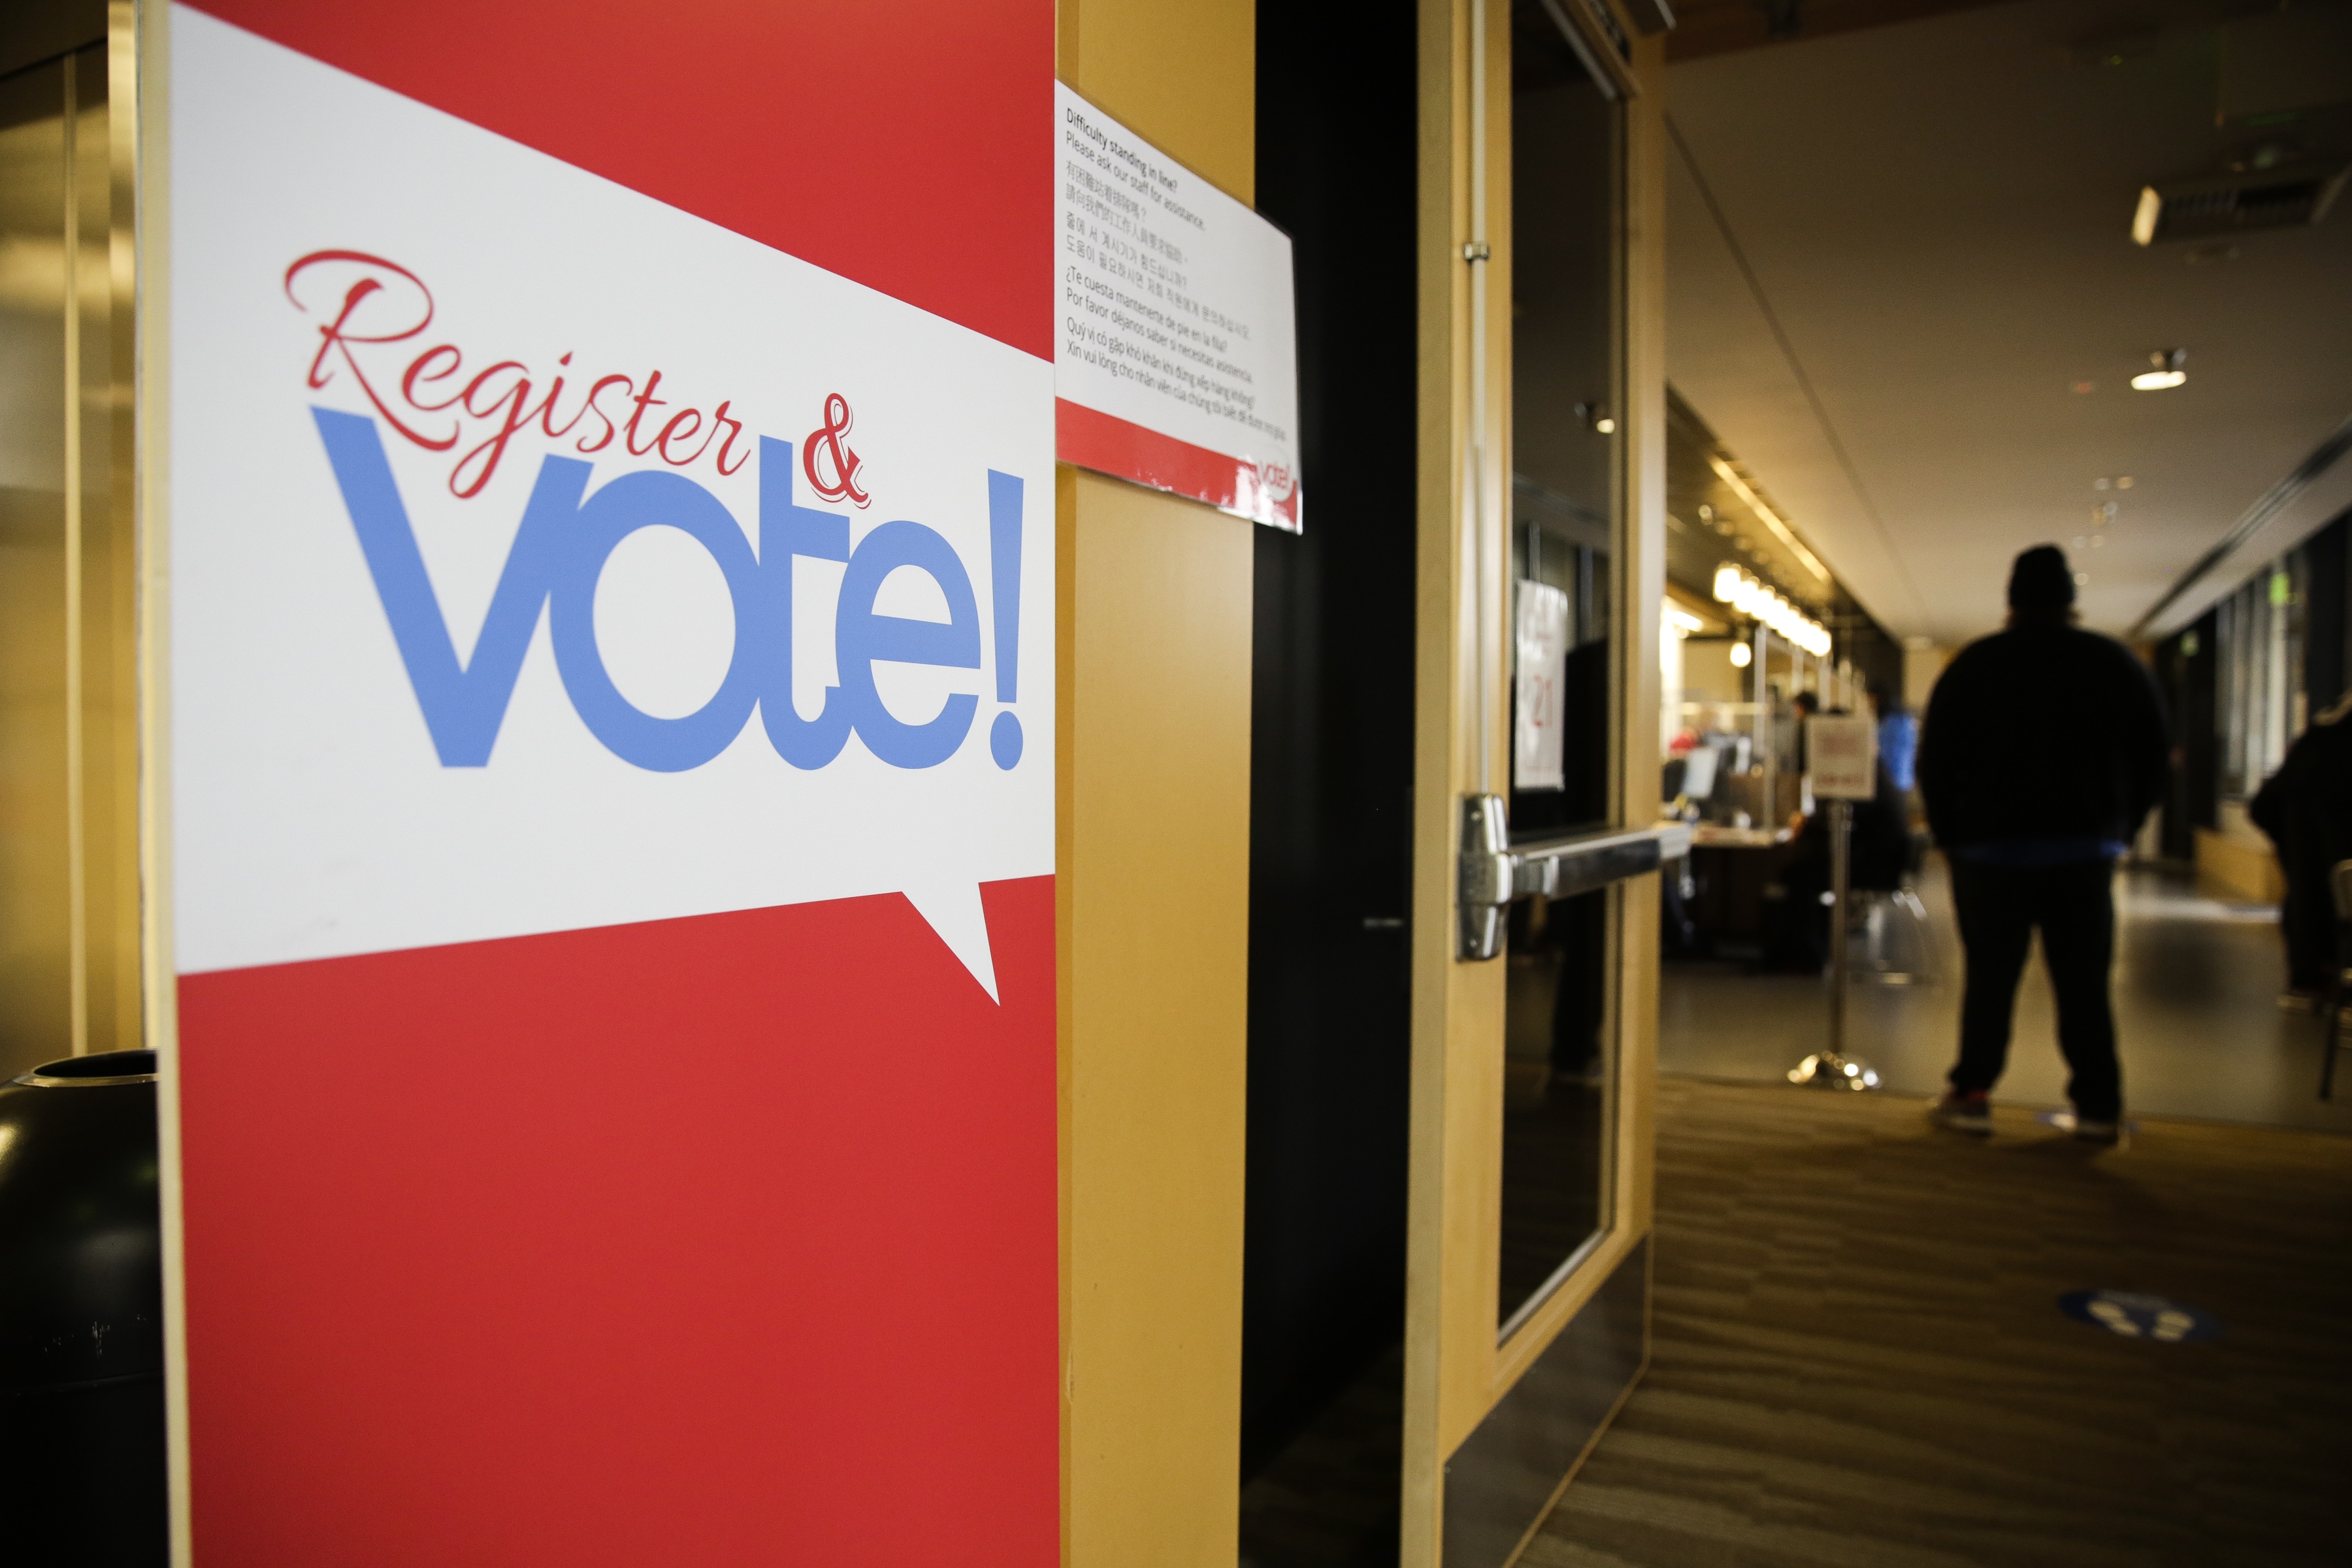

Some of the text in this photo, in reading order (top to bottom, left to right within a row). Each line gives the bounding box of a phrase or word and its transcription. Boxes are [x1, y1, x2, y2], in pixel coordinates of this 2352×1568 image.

[1066, 130, 1095, 162] Please
[1096, 154, 1112, 173] ask
[1113, 165, 1128, 182] our
[1130, 176, 1149, 195] staff
[1150, 185, 1162, 204] for
[1067, 107, 1178, 193] Difficulty standing in line?
[1066, 265, 1082, 285] ¿Te
[1084, 276, 1114, 300] cuesta
[1116, 291, 1164, 325] mantenerte
[1165, 315, 1175, 331] de
[1177, 321, 1190, 340] pie
[1067, 286, 1083, 306] Por
[1085, 295, 1109, 319] favor
[1146, 327, 1168, 347] saber
[1067, 316, 1086, 341] Quý
[285, 249, 872, 509] Register &
[1067, 339, 1081, 358] Xin
[1083, 350, 1097, 365] vui
[1119, 361, 1134, 380] cho
****
YOUR ASSIGNMENT ▸ Could you repeat all of the material exactly? Pictures should not be copied.

TASK RESPONSE ▸
Some of the text in this photo, in reading order (top to bottom, left to right within a row). Each line gives the bounding box of a phrase or word and its transcription. Boxes are [x1, y1, x2, y2], in pixel coordinates of this 2352×1568 image.

[1066, 130, 1095, 162] Please
[1096, 154, 1112, 173] ask
[1113, 165, 1128, 182] our
[1130, 176, 1149, 195] staff
[1150, 185, 1162, 204] for
[1067, 107, 1178, 193] Difficulty standing in line?
[1066, 265, 1082, 285] ¿Te
[1084, 276, 1114, 300] cuesta
[1116, 291, 1164, 325] mantenerte
[1165, 315, 1175, 331] de
[1177, 321, 1190, 340] pie
[1067, 286, 1083, 306] Por
[1085, 295, 1109, 319] favor
[1146, 327, 1168, 347] saber
[1067, 316, 1086, 341] Quý
[285, 249, 872, 509] Register &
[1067, 339, 1081, 358] Xin
[1083, 350, 1097, 365] vui
[1119, 361, 1134, 380] cho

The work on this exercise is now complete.